Его вызвали в офис на следующий же день. Тот же конференц-зал, те же люди, но вот настрой у всех был совершенно иной. Стоило Дугласу оказаться перед ними, как все виновато опустили головы и поджали губы. Тем не менее, уверенности это более не придавало. Он был уставший и разбитый, и даже предложение вернуть всё на круги своя больше не утешало.
Дуглас взял вину на себя, не способный на предательство жены. Были слабые попытки уговорить его не глупить и не геройствовать, а соглашаться на предложенные условия, но желание сделать это застряло комом посреди горла. Он не мог дать голову Николь на отсечение. Совершенная ошибка могла стоить ей избавления свободы, ему — всего лишь всей жизни, которой он, тем не менее, готов был пожертвовать, ссылаясь на неуверенную любовь к женщине.
В конце концов, ему выплатили моральный ущерб за оскверненную репутацию и увольнение, что было несколько унизительно, но, как оказалось, достаточно своевременно. Невзирая на то, что совесть Дугласа была чиста, имя оклеветано, а свобода спасена, он чувствовал, будто в одночасье потерял все, когда перед лицом общества пристал признанным виновником. Приговор комиссии по этике звучал, как смертельный. Казалось, он не сможет представить жизни без Николь, но всё же юрисдикция значила намного больше.

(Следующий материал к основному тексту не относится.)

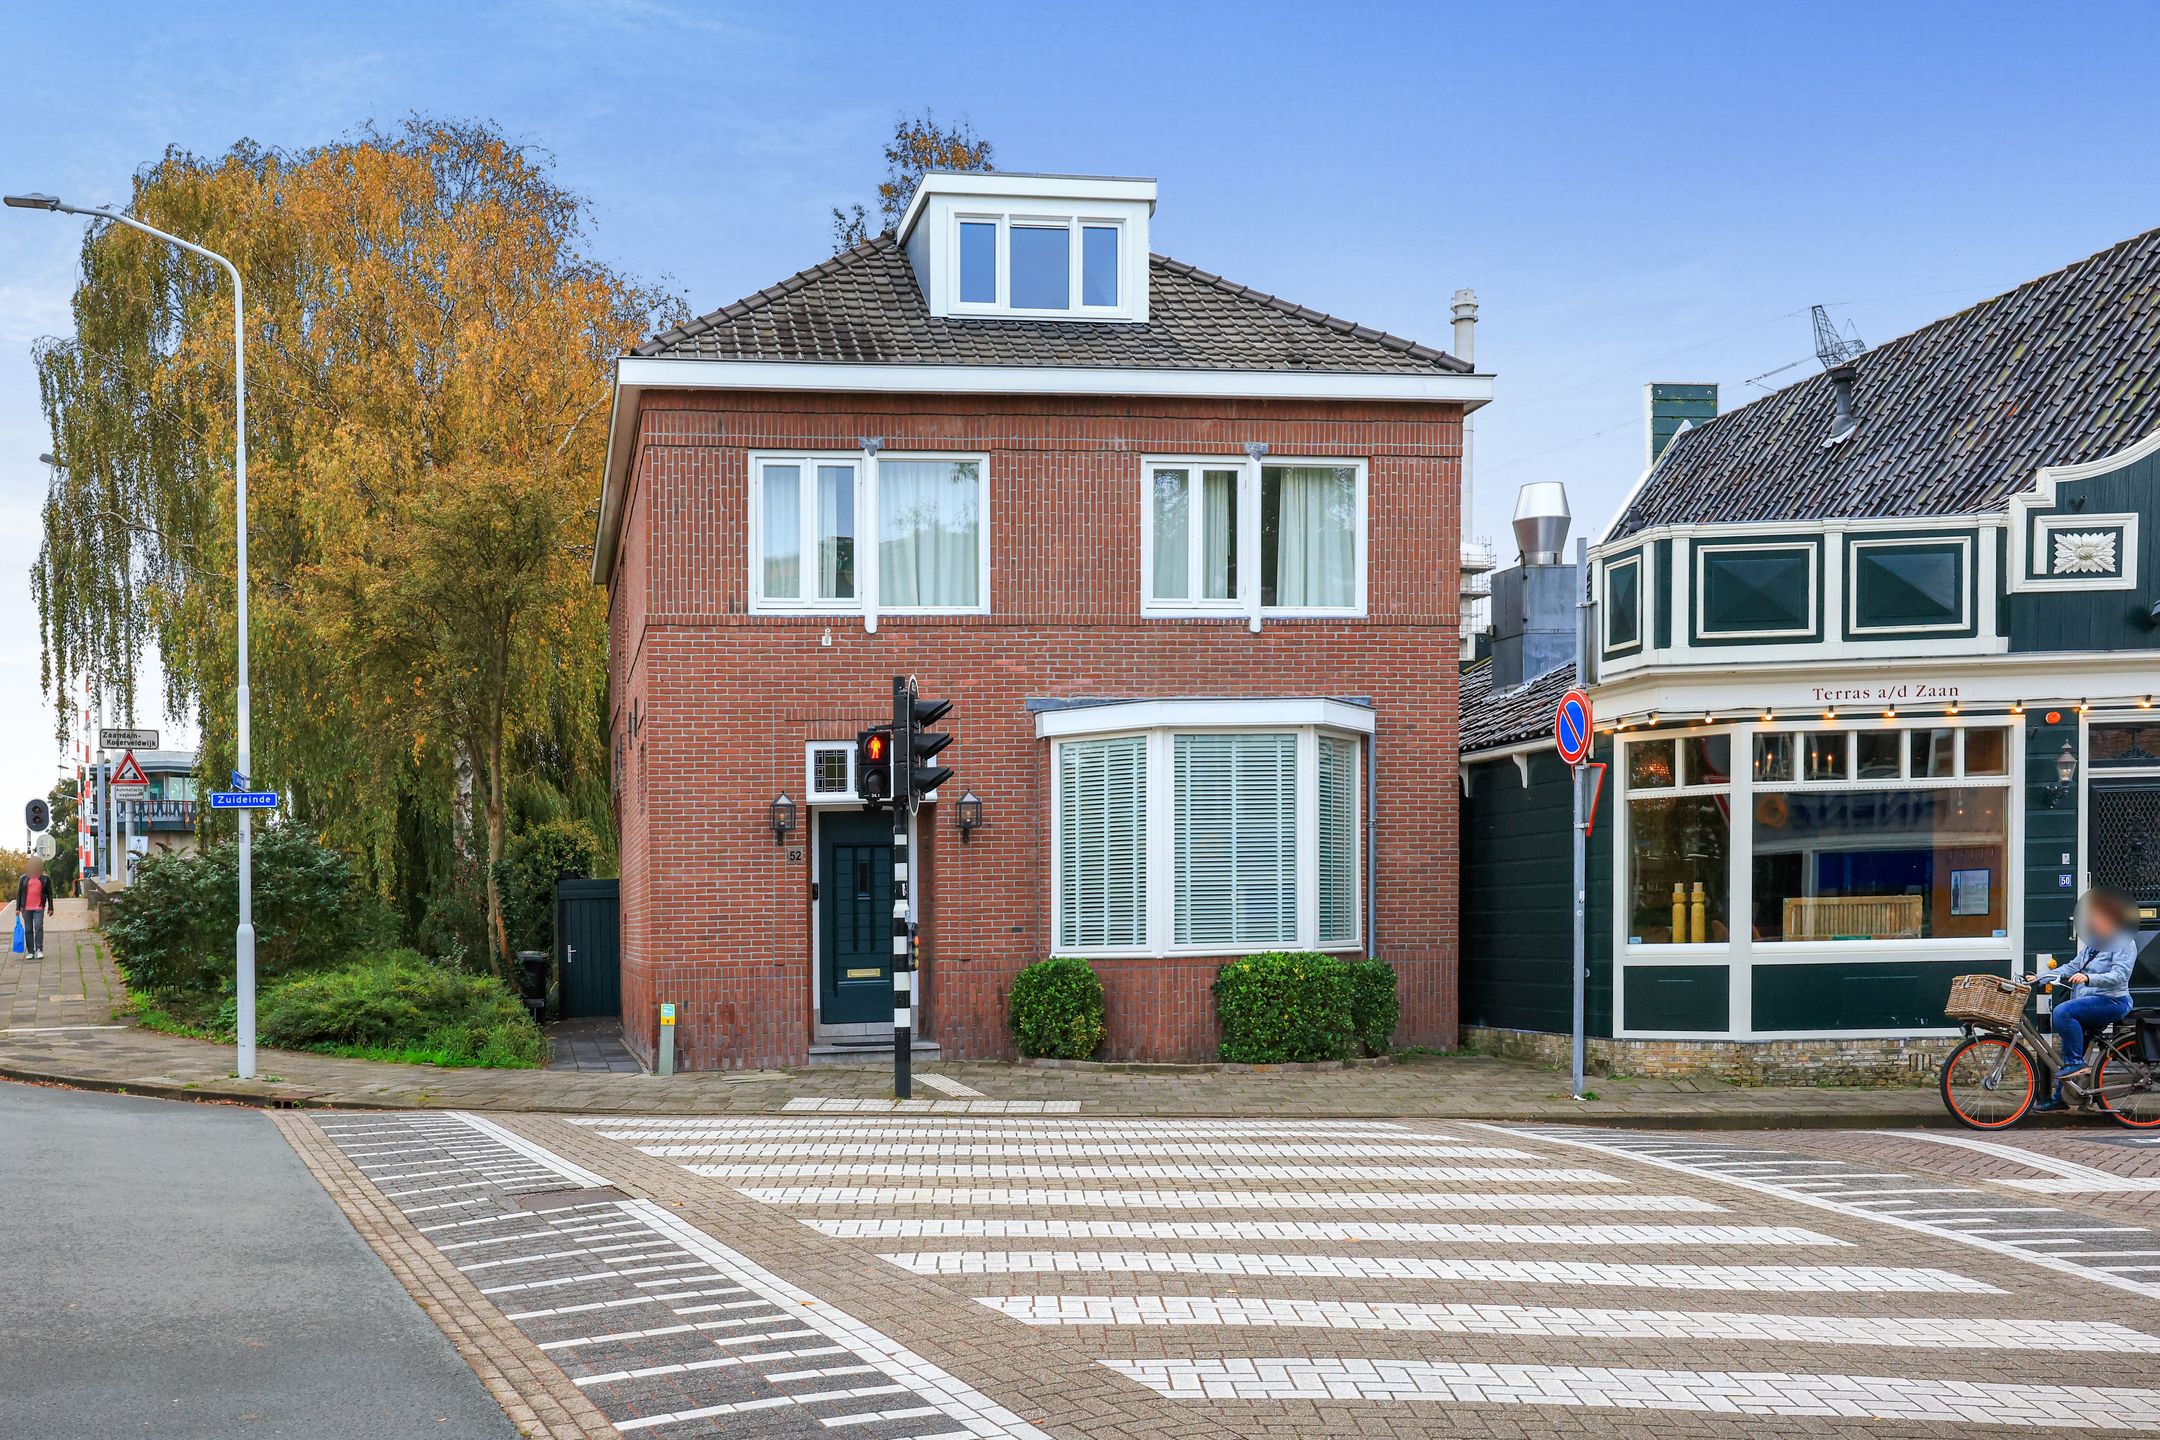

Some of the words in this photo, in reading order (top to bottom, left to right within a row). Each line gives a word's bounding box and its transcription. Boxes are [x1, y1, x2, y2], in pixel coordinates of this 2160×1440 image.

Выдумав идеал семьи, сродни той в которой он вырос, Дуглас искренне верил, что и у них всё получиться, но эта идея была заведомо провальной. Они не любили друг друга, как должно было быть между мужем и женой, но кто не переоценивал силу привычки?
— Она была моей семьей. Я не мог поступить иначе, — в голосе мужчины была ощутима усталость, которую испытывала и Рози.